Clients bring us video tapes in all shapes, sizes and conditions. We can almost always convert any given tape to digital, but sometimes it takes special equipment or extra work from our team. When tapes come in damaged in some way that prevents a high fidelity playback, we can usually solve the problem. Here are five of the most common problems for old tapes as well as the repair method we use to correct the issue:

1. Magnetic Tape Deterioration:

This is an issue with the magnetic tape itself, and can’t be repaired directly. The damage isn’t usually severe and causes the image on the screen to become shaky and unstable; occasionally thin lines appear on the screen. In more moderate presentations, the video tapes are still perfectly watchable despite the deterioration. In more severe cases, ‘frame hold’ can occur. The image will jump around the screen with black bars in between. In order to mitigate the effects of deterioration, we have a few different video tape decks we use during our digital conversion process. If we don’t get a good capture the first time around, we can usually get something by the second or third.

2. Tape Crease Error:

A VHS tape, miniDV tape and a VHS-c tape.
A VHS tape, miniDV tape and a VHS-c tape.
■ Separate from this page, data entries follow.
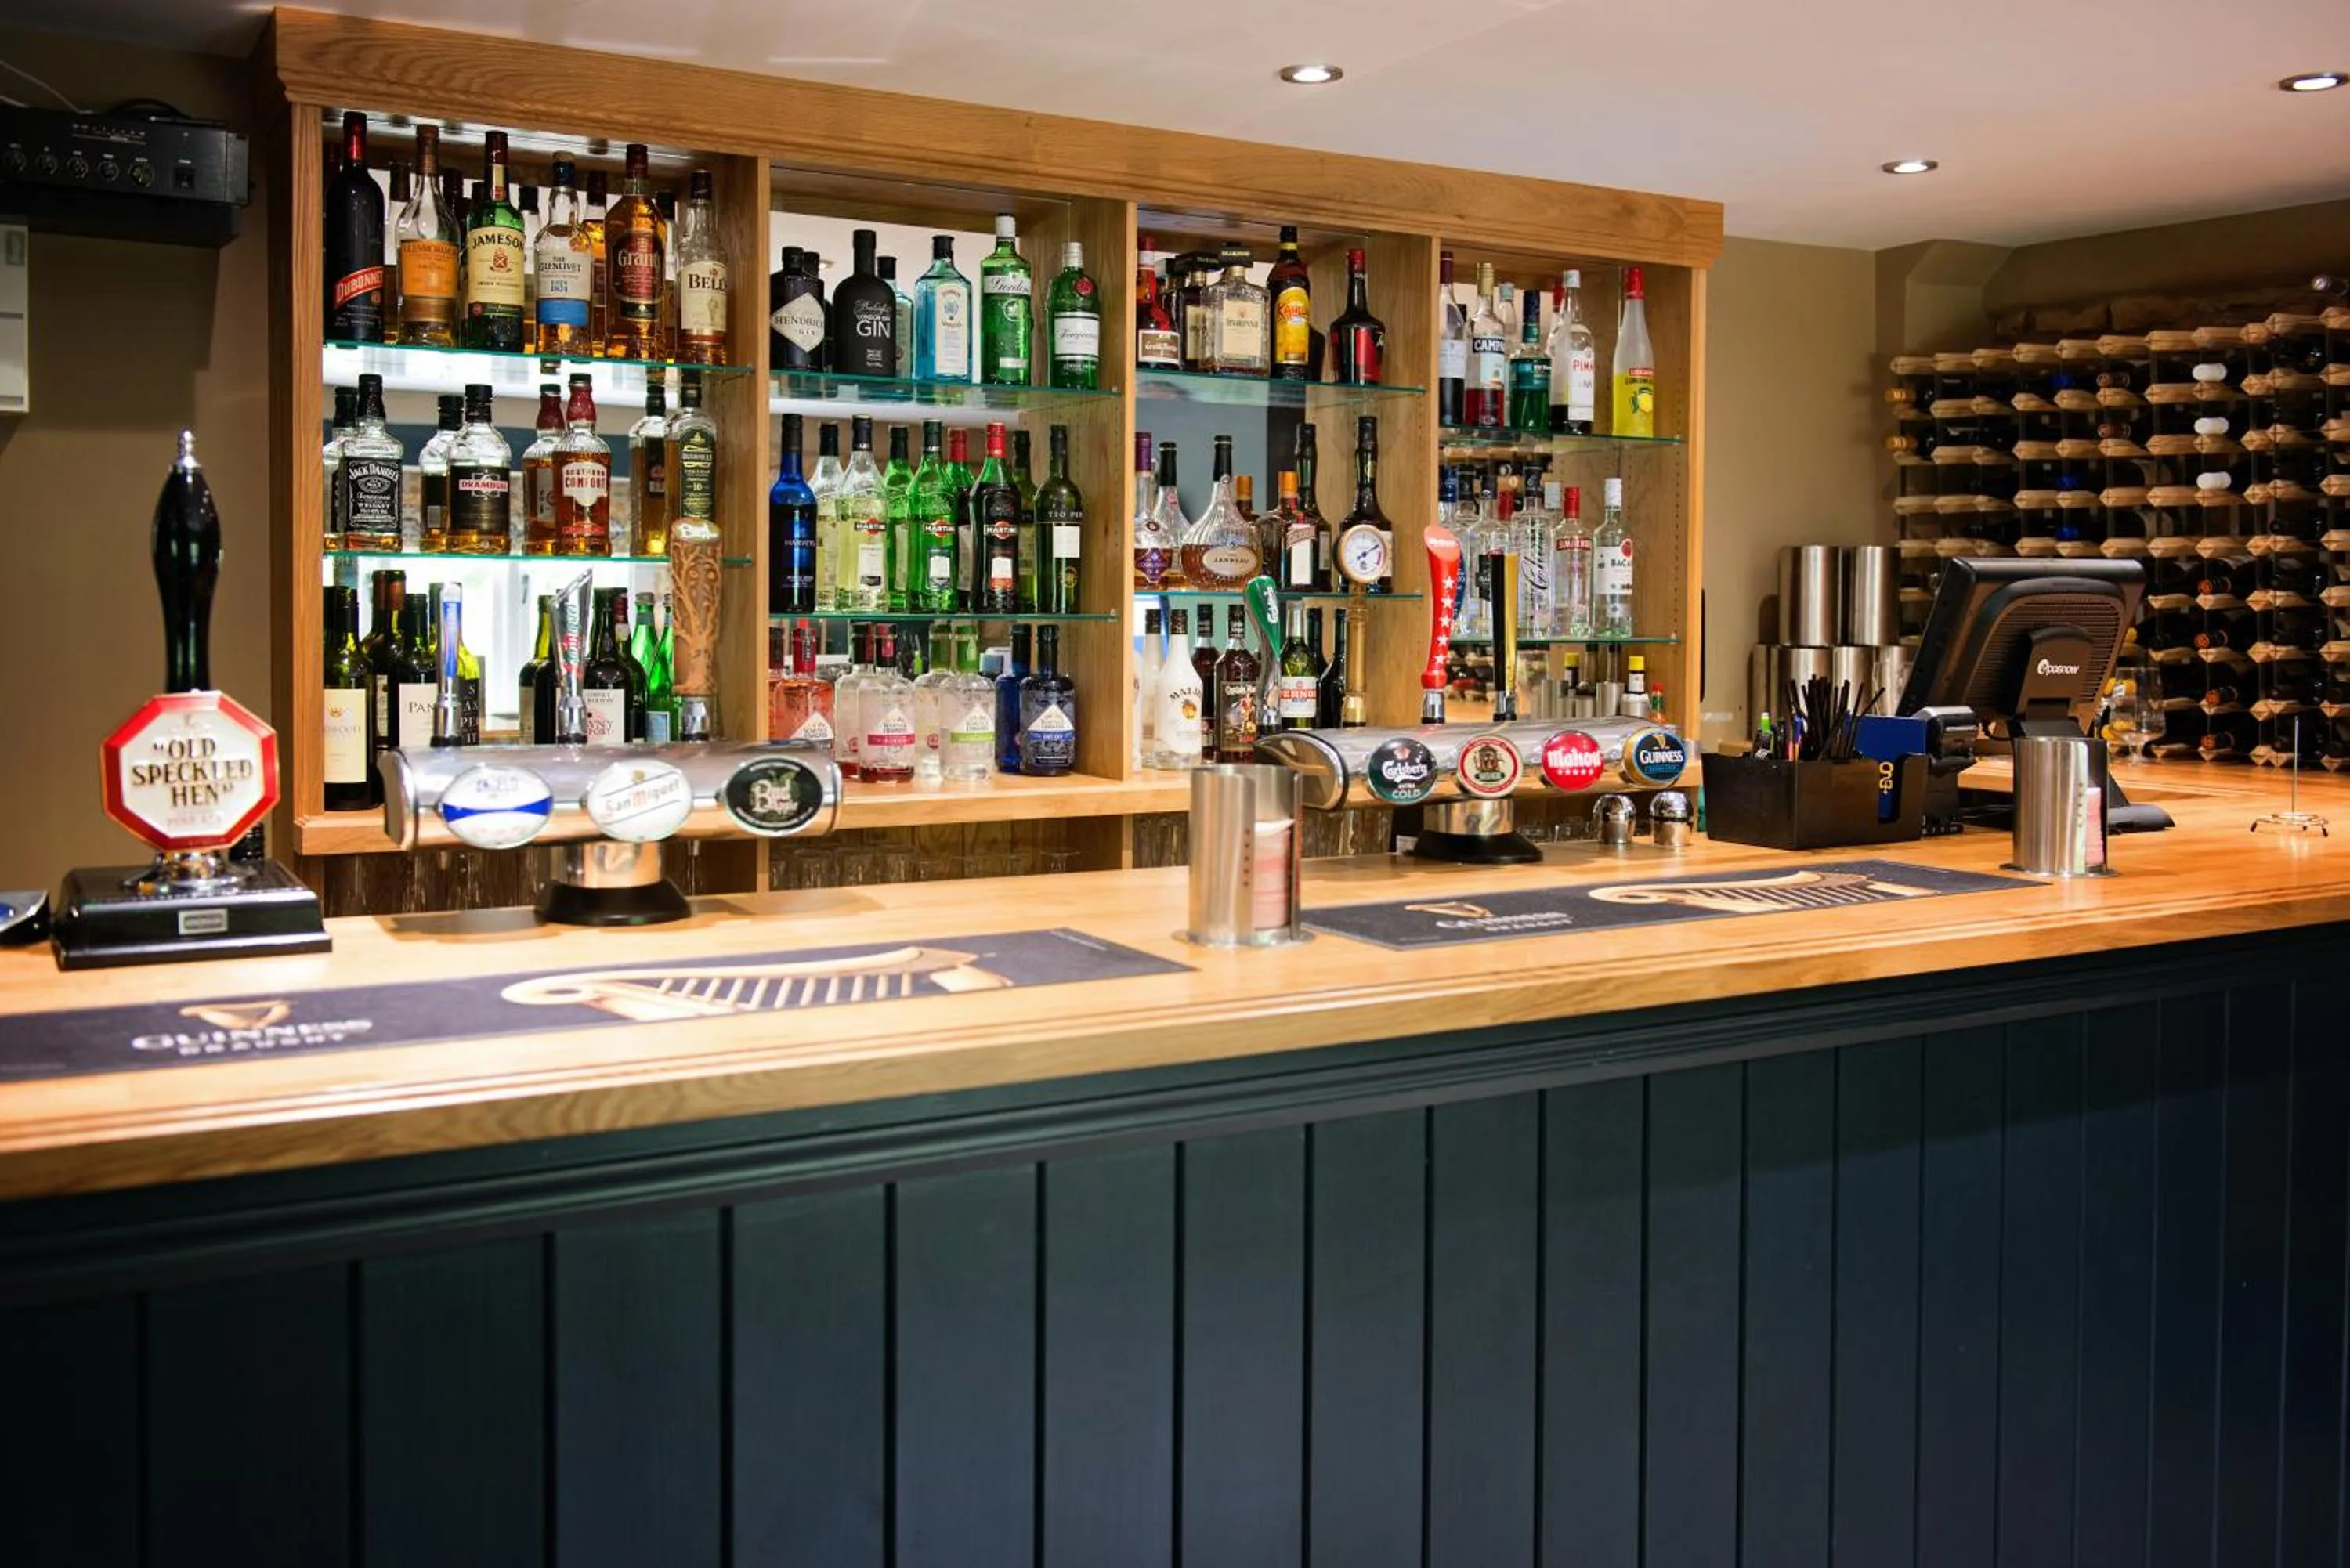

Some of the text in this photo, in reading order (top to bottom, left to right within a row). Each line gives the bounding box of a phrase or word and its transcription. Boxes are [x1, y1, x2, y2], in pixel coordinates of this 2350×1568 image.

[539, 262, 582, 273] GLENLIVET
[856, 320, 891, 338] GIN
[565, 477, 606, 488] COMFORT
[1548, 747, 1602, 768] Mahou
[1640, 750, 1683, 764] GUINNESS
[131, 758, 254, 788] SPECKLED
[1381, 760, 1428, 782] Carlsberg
[601, 779, 680, 819] San Miguel
[1391, 789, 1421, 799] COLD
As the name suggests, Tape Crease error occurs when the magnetic tape has been creased or banged up. This frequently occurs with tapes that have become stuck in a VCR. Tape Crease error causes the playback of the tape to distort. Oftentimes, a horizontal smear will appear at the top of the screen. VHS-C tapes are particularly susceptible to Tape Crease Error; they are generally looser and more fragile than the other tape formats. Additionally, certain VHS-c adapters may also cause some damage to the tapes, especially with prolonged use. Unfortunately, there is rarely anything we can do to reverse the effects of a tape crease, but fortunately, the crease does not usually spread to other parts of the tape over time. It is usually confined to only one area.

3. Digital Corruption:

Digital Corruption is a tricky one. It only appears on newer video cassettes like Digital 8 tapes and mini DVs. Unfortunately, we are never able to fully recover the lost footage from this type of damage. It usually occurs at the time of the capture, and as a result some of the footage isn’t captured at all. We also see this kind of distortion as a result of a deterioration of the magnetic tape. In severe cases, digital corruption results in a complete loss in audio and a heavy pixilation of the image. Typically we don’t see this throughout an entire tape and thankfully it is a rarity for a tape that we digitize to display digital corruption.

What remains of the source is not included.